Personal information
- Full name: Adrián Guerrero Aguilar
- Date of birth: 28 January 1998 (age 28)
- Place of birth: Blanes, Spain
- Height: 1.74 m (5 ft 9 in)
- Position: Left-back

Team information
- Current team: Debrecen
- Number: 3

Youth career
- 2007–2010: Vilassar Mar
- 2010–2017: Barcelona

Senior career*
- Years: Team / Apps / (Gls)
- 2017–2018: Reus B / 37 / (3)
- 2018–2019: Reus / 8 / (0)
- 2019–2020: Valencia B / 40 / (2)
- 2020–2021: Valencia / 2 / (0)
- 2020–2021: → Lugano (loan) / 29 / (0)
- 2021–2024: FC Zürich / 84 / (5)
- 2024–2025: Tenerife / 6 / (0)
- 2025–: Debrecen / 23 / (3)

= Adrián Guerrero (footballer, born 1998) =

Spanish footballer (born 1998)

Adrián Guerrero Aguilar (born 28 January 1998) is a Spanish professional footballer who plays for Nemzeti Bajnokság I club Debreceni VSC as a left-back.

==Career==
===Reus===
Born in Blanes, Girona, Catalonia, Guerrero joined FC Barcelona's youth academy in 2010 from UE Vilassar de Mar. In August 2017, after finishing his development, he signed for CF Reus Deportiu and was assigned to the reserves in Tercera División.

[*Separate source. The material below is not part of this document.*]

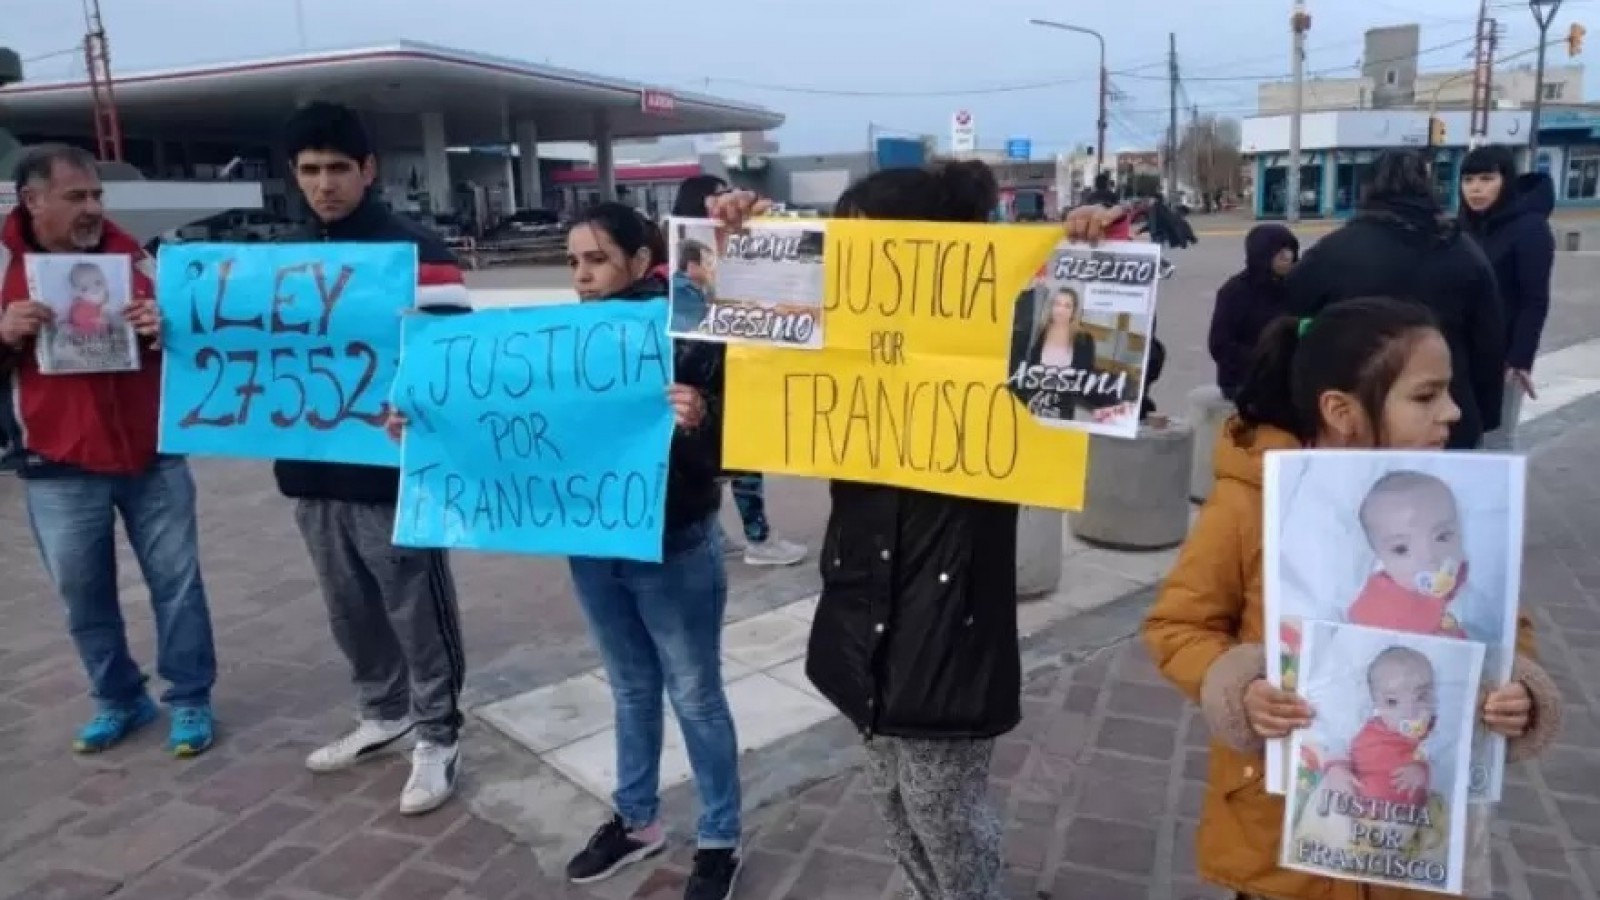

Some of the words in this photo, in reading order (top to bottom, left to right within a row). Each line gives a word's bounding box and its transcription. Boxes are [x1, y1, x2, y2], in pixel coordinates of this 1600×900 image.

Guerrero made his senior debut on 20 August 2017, starting in a 0–0 away draw against Palamós CF, and scored his first goal on 1 October in a 1–1 home draw to AE Prat. The following 11 January, he renewed his contract until 2021.

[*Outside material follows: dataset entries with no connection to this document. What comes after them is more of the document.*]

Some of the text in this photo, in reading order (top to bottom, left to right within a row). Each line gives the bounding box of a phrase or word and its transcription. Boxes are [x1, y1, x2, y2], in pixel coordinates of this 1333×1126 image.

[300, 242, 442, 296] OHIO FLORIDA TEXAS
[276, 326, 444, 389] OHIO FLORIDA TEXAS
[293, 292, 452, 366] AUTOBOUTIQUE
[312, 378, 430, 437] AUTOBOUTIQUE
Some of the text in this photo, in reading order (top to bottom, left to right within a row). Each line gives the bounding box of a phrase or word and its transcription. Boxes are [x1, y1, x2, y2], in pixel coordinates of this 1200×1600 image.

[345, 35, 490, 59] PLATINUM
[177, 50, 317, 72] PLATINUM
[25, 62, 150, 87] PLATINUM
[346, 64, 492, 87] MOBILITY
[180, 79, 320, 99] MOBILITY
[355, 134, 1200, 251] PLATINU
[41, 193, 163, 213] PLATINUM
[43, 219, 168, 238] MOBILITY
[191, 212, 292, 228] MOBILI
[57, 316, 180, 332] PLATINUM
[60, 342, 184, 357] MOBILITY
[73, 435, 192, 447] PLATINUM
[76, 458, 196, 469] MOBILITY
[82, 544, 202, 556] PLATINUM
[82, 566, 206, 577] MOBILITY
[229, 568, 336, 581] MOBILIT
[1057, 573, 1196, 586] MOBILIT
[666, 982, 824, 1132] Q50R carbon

On 27 June 2018, Guerrero was definitely promoted to the first team in Segunda División. His first match in the competition took place on 19 August, when he came on as a second-half substitute for Álex Carbonell in a 0–2 away loss against UD Las Palmas.

===Valencia===
Halfway through the 2018–19 season, Guerrero and the rest of the squad left after the club was expelled by the Liga de Fútbol Profesional, and he later moved to Valencia CF Mestalla of Segunda División B. He made his first team – and La Liga – debut on 4 July 2020, replacing Jaume Costa at half-time in a 2–2 away draw against Granada CF.

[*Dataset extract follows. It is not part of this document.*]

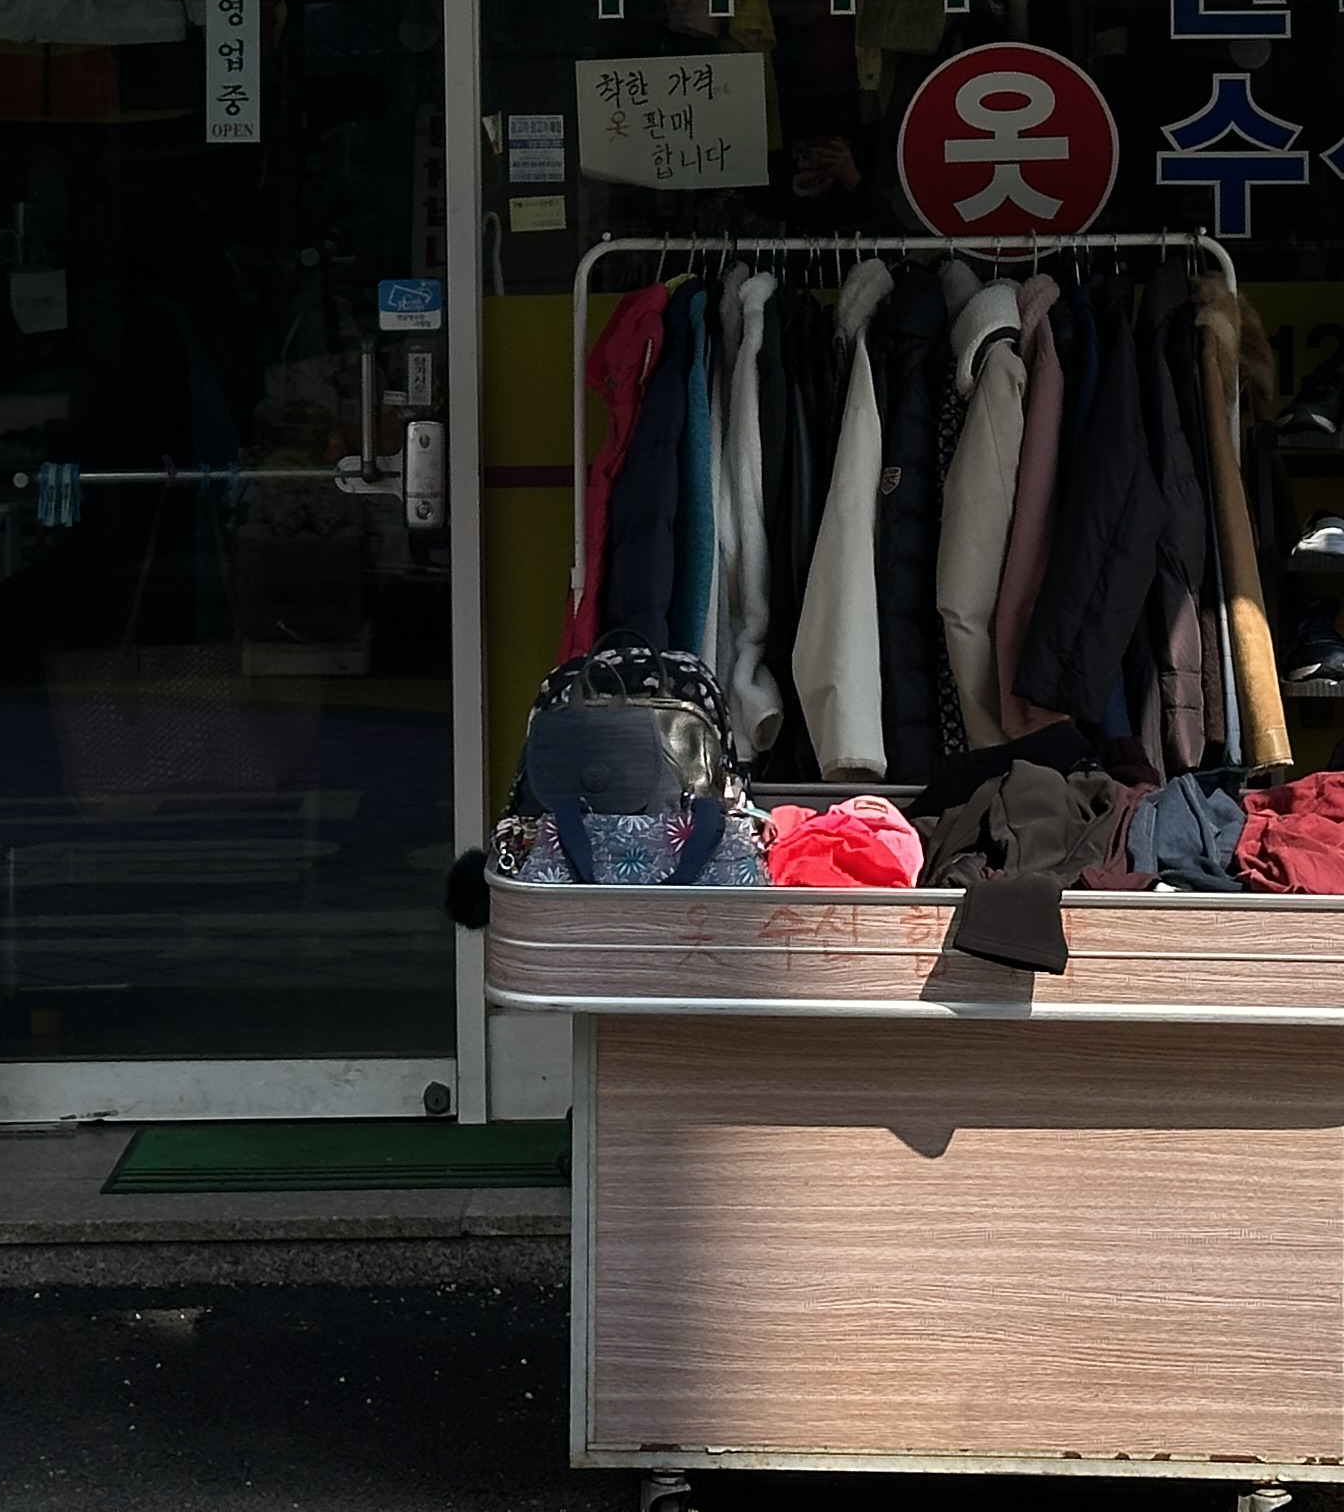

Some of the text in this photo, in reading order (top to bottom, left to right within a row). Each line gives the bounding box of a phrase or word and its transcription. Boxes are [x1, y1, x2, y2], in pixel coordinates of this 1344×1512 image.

On 20 August 2020, Guerrero joined Swiss Super League side FC Lugano on loan for the 2020–21 season.

===Zürich===
On 30 June 2021, Guerrero signed a three-year contract with FC Zürich also in the Swiss top tier. He scored his first professional goal on 25 July, netting the opener in a 2–0 away win over former side Lugano.

===Tenerife===
On 17 July 2024, Guerrero returned to Spain after signing a two-year contract with second division side CD Tenerife.

===Debrecen===
On 18 July 2025, Guerrero signed with Debreceni VSC in the Hungarian top tier.